[Your goal]:
Say how many lines below contain the word "phrase". The number is the entire reply.

[Available data]:
----

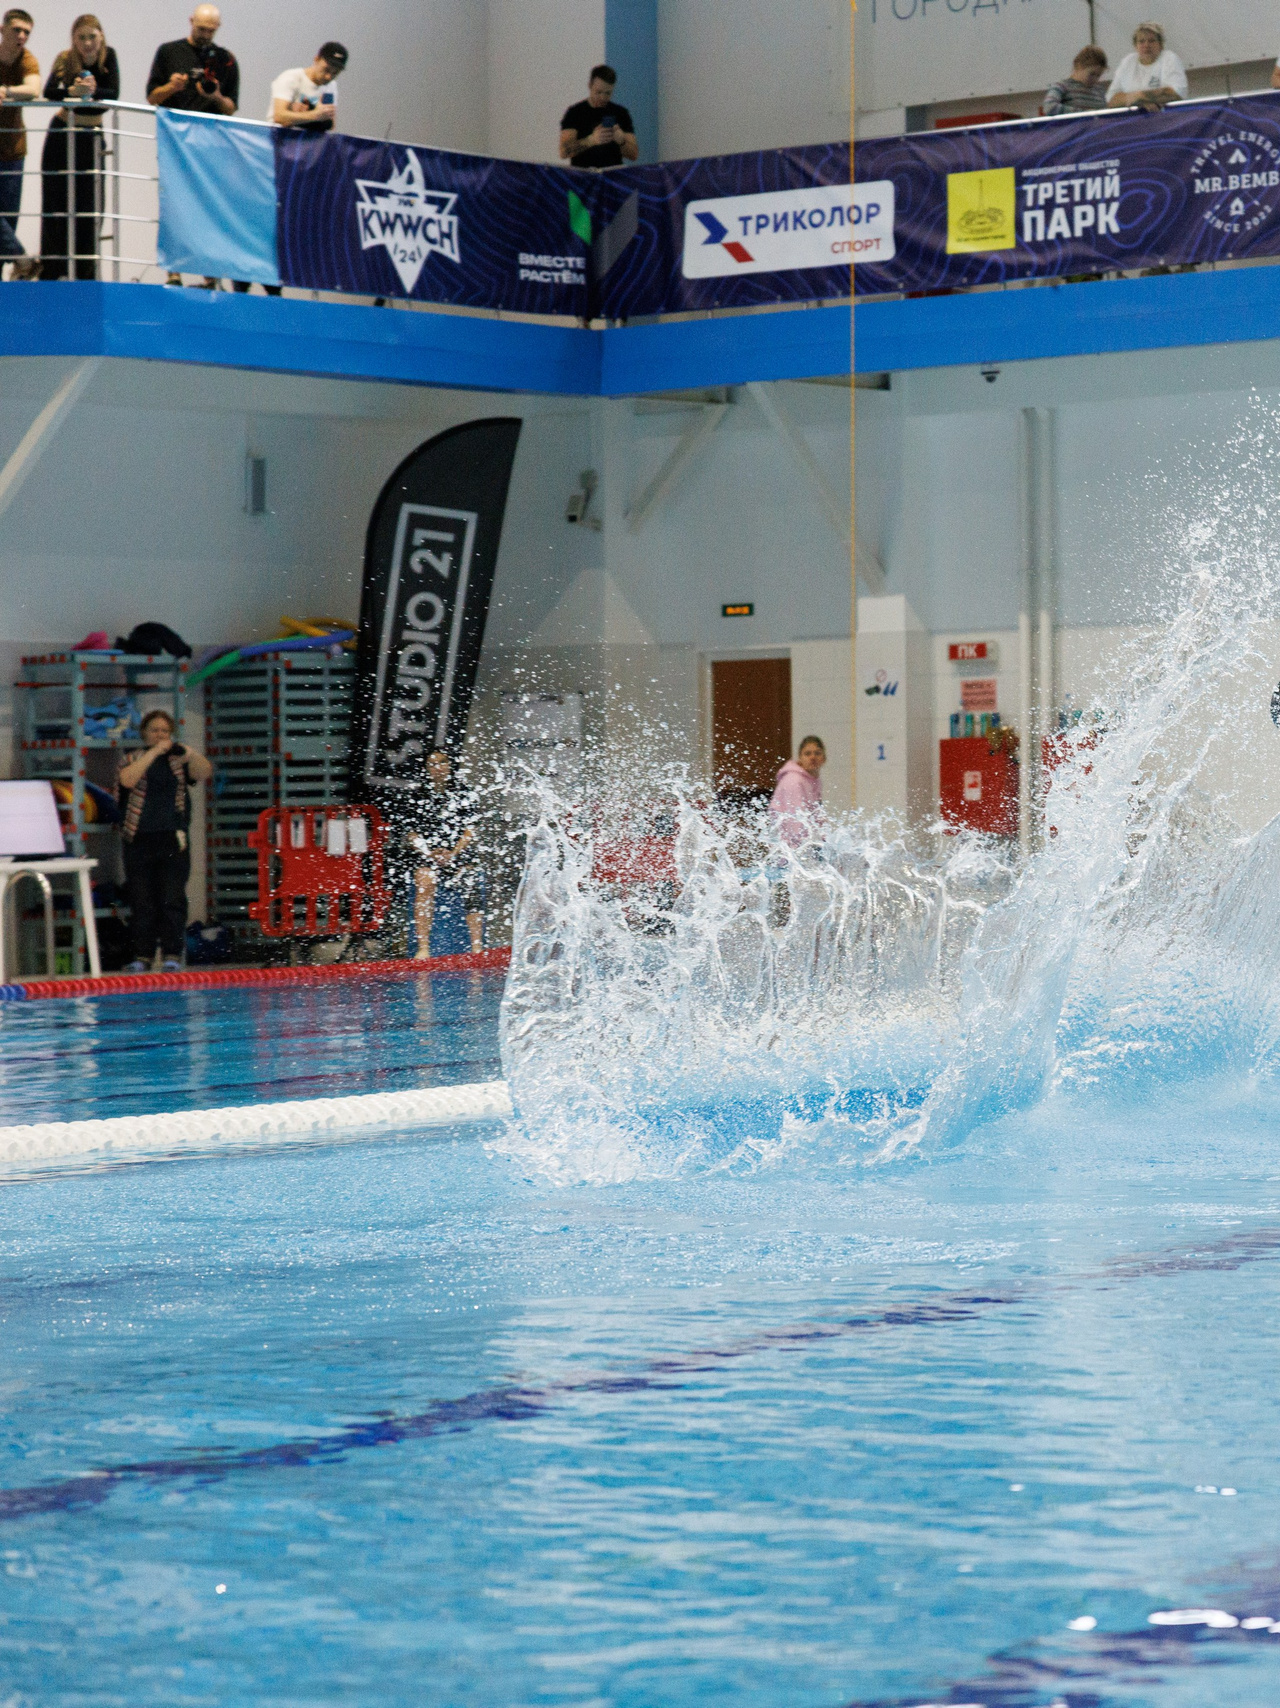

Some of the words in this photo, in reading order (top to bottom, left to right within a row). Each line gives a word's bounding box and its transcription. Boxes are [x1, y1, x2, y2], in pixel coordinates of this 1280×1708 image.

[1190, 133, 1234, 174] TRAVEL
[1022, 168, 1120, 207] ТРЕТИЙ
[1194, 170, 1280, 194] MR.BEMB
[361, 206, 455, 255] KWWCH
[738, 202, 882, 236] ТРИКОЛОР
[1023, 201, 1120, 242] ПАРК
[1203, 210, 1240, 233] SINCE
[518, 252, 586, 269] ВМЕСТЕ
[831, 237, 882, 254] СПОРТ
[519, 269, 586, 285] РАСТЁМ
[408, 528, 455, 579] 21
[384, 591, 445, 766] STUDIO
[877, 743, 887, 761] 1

----

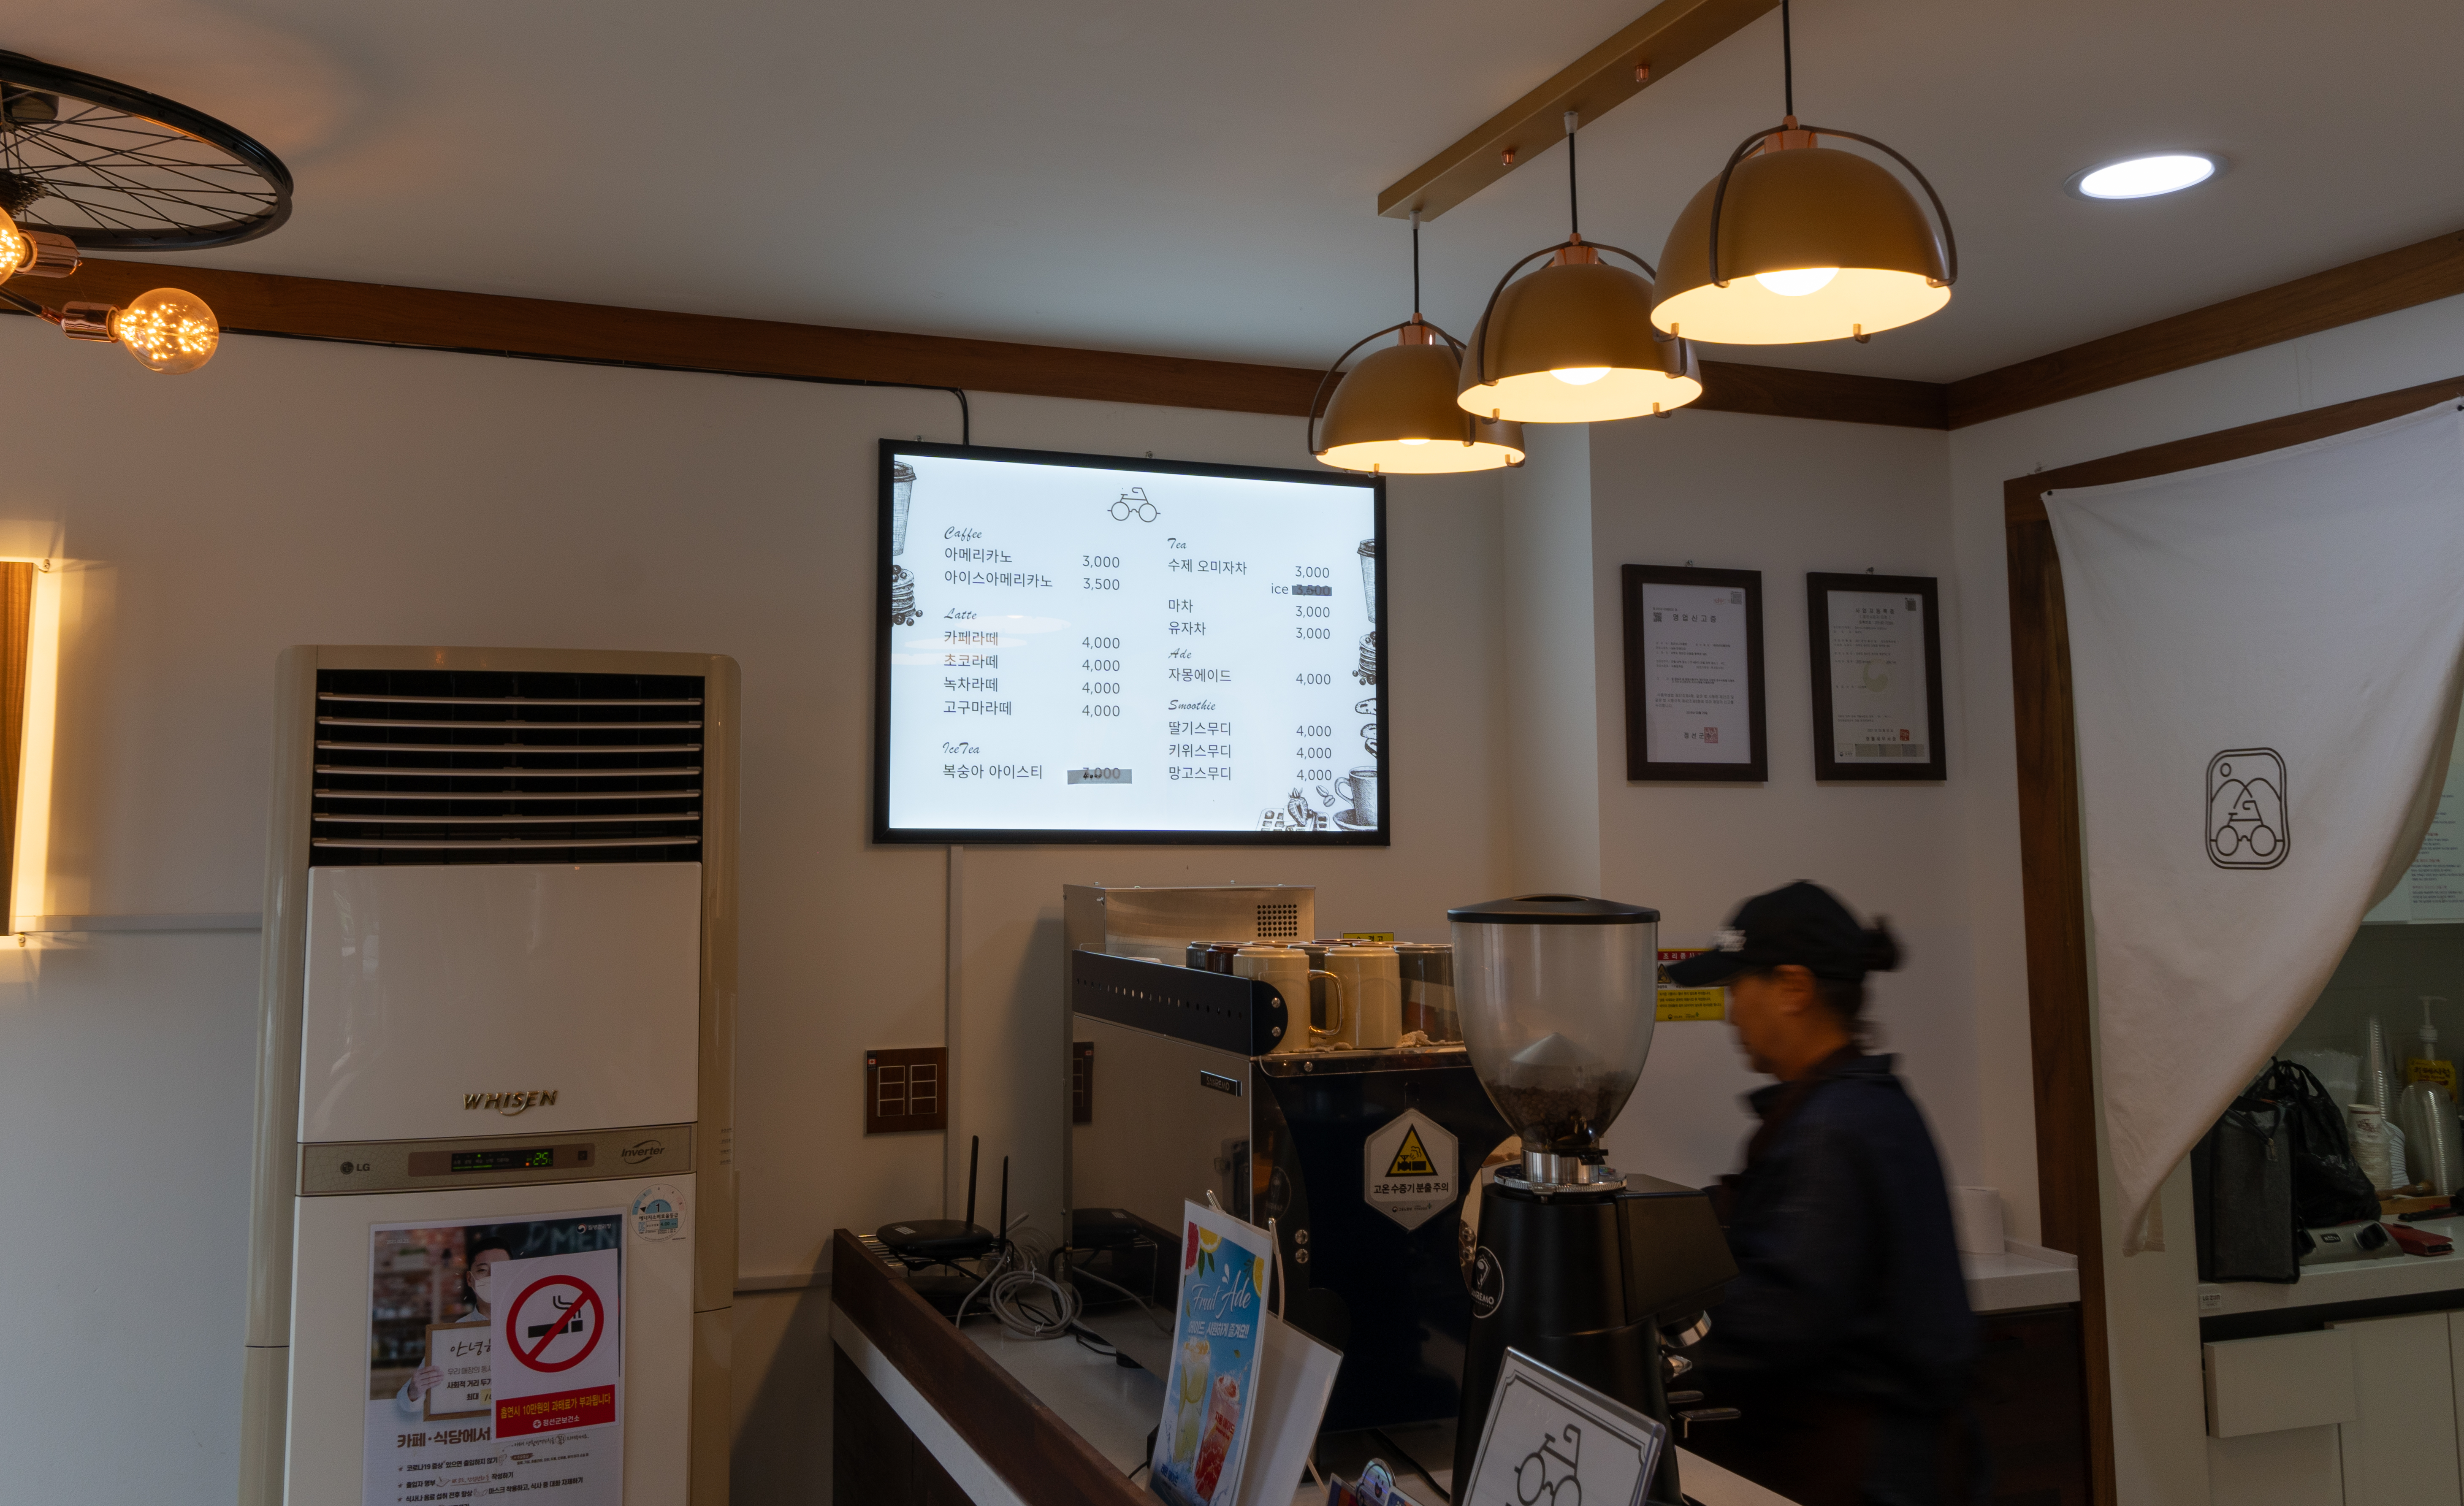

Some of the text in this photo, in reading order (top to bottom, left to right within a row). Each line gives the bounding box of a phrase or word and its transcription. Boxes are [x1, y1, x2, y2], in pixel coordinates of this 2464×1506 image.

----

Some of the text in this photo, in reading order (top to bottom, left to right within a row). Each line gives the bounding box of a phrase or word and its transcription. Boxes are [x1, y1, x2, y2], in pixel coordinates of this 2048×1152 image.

----

[Answer to the problem]:
2